Furthermore, the proposed rule's definition of AFFH is inconsistent with the law. The AFFH statutory mandate requires jurisdictions to consider how public and private barriers impact segregation. In that vein, the 2015 definition of AFFH required "meaningful actions" to address housing needs and replace "segregated living patterns with truly integrated and balanced living patterns, transforming racially and ethnically concentrated areas of poverty into areas of opportunity." The proposed rule completely redefines AFFH by focusing on reducing obstacles within program participants' "sphere of influence" to provide individuals and families' housing choice "within their means." As described above, the proposed rule does not require jurisdictions to consider the impact of discrimination and segregation on protected classes. Additionally, by focusing on obstacles within the "sphere of influence" and housing choice "within [families'] means," the proposal suggests that jurisdictions are constrained in their ability to address enduring issues of segregation and discrimination and need not make a durable effort. It is also a veiled attempt to reclassify the AFFH mandate as a class-based remedy rather than its intended goal as a solution for protected classes identified under the Fair Housing Act. While a protected class such as race is inextricably linked with a families' financial wellbeing, the Fair Housing Act was enacted to dismantle discrimination based on protected class status of race and the vestiges thereof.
III. The proposed rule utilizes flawed metrics.

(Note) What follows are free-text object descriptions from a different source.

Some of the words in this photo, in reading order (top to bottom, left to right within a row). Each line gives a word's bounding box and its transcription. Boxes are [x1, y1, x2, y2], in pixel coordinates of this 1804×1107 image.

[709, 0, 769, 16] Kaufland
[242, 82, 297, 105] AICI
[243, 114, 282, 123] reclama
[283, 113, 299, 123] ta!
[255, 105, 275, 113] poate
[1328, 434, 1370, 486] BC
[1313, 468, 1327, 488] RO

To evaluate how jurisdictions are carrying out their AFFH obligation as a threshold matter, the proposal uses a series of data-based measures to determine whether a jurisdiction (1) is free of adjudicated fair housing claims; (2) has an adequate supply of affordable housing throughout the jurisdiction; and (3) has an adequate supply of quality affordable housing. Jurisdictions that score highly would be eligible for various incentives in HUD programs.
These methods of measurement are problematic in numerous ways. First, it is misguided to focus on a jurisdictions' "adjudicated fair housing claims," as this is not relevant to whether a jurisdiction has identified fair housing issues. Generally, there are very few adjudicated claims.
Public and private fair housing enforcement often result in settlements - avoiding any adverse court or administrative ruling for the jurisdiction.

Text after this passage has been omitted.